The hospital plans to construct three buildings on two sites totaling almost 267,000 square feet near its main Torrance Boulevard campus.
That’s more than double the size of the 122,000-square-foot Hannon Tower.
And it comes on the heels of another major expansion at Torrance Memorial Medical Center, which is planning a $500 million, seven-story facility.
In both cases, rising patient admissions fueled by the closure of other hospitals in the area and increased demand for medical services caused by an aging population are driving the expansions.
“Our admissions volume from last year to this year in the first five months of the year is up 12.5 percent,” said Michael Hunn, Little Company of Mary Hospital administrator. “We need more doctors to take care of an aging population, and we need to have doctors that are located near the hospital.”
The largest of the three planned structures is a 106,000-square-foot, three-story medical office building with surface parking and a three-level parking structure on the site of the present Daily Breeze building at the corner of Torrance Boulevard and Henrietta Street.
After the hospital finishes work on that building, a second 68,400-square-foot, three-story medical office building with another three-level parking structure is planned on the western part of the tract.
The hospital purchased the 6.7-acre parcel in April 2007 for $14 million to $16 million.

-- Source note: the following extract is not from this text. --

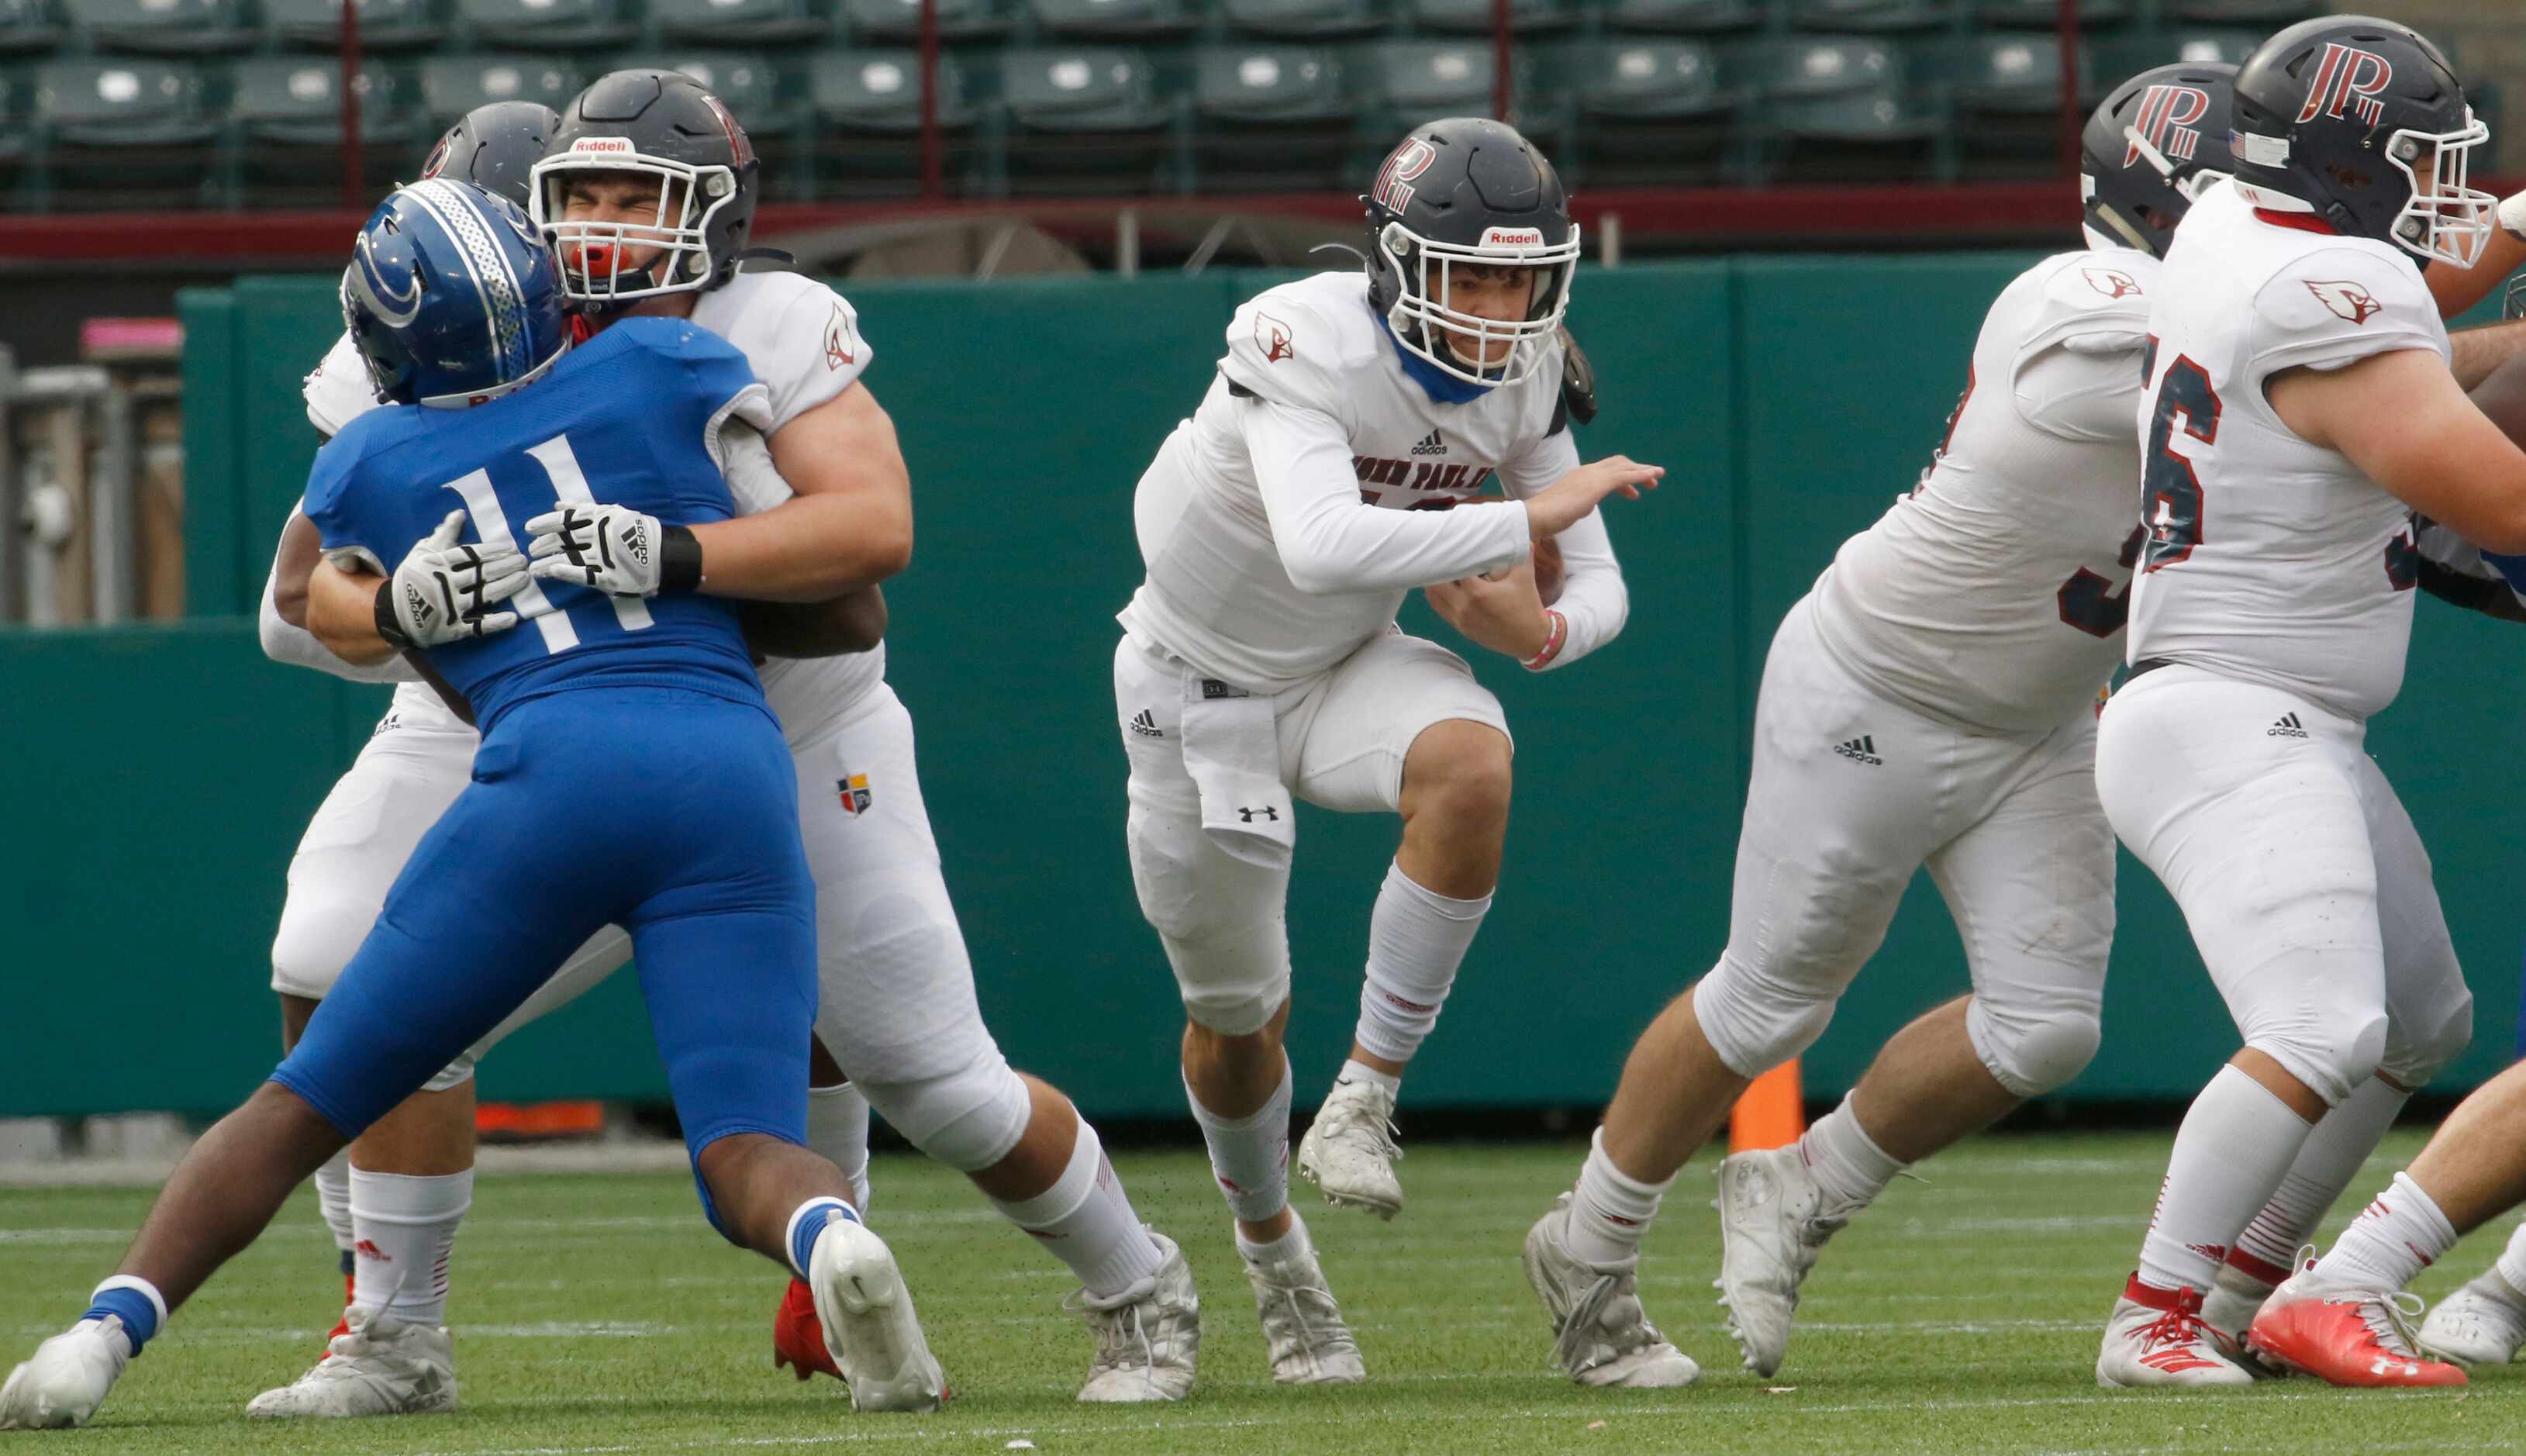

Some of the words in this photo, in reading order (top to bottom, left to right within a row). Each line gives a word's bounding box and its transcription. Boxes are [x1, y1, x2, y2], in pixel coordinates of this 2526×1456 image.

The newspaper, which has occupied the site for more than 40 years, recently signed a lease with the hospital to remain at the location until the end of the year while it seeks an alternate site in Torrance.
The hospital finalized its plans for the site with the city last month.
Both the newspaper’s main 90,000-square-foot building with its trademark blue-tile facade and a second 30,000-square-foot building that once housed the circulation department and a distribution center will be demolished to make way for the offices.
The hospital may try to move the huge fig tree that sits in front of the main building at a cost of $100,000 to $200,000 or, failing that, plant trees throughout the city, Hunn said.
The third building will rise on an Earle Street tract opposite the main hospital campus. That 92,100- square-foot, four-story building with an underground four-level parking structure will house 48 medical condominiums. A four-story, 63,000-square-foot medical office building already sits on part of the site and is expected to remain, city officials said.
The Planning Commission has recommended the hospital conduct an environmental analysis that looks at the additional traffic the project is expected to generate as well as other aspects of the development. The hospital has appealed the ruling, and the City Council is expected to make a decision on the appeal later this month.
Mayor Frank Scotto believes the environmental analysis is needed but the project is needed as well.
“Very few people want any more development anywhere, but having said that, it’s one of those rare developments we truly have to do,” he said. “We have to address the health problems and since we have the hospitals here in Torrance we need to do it.”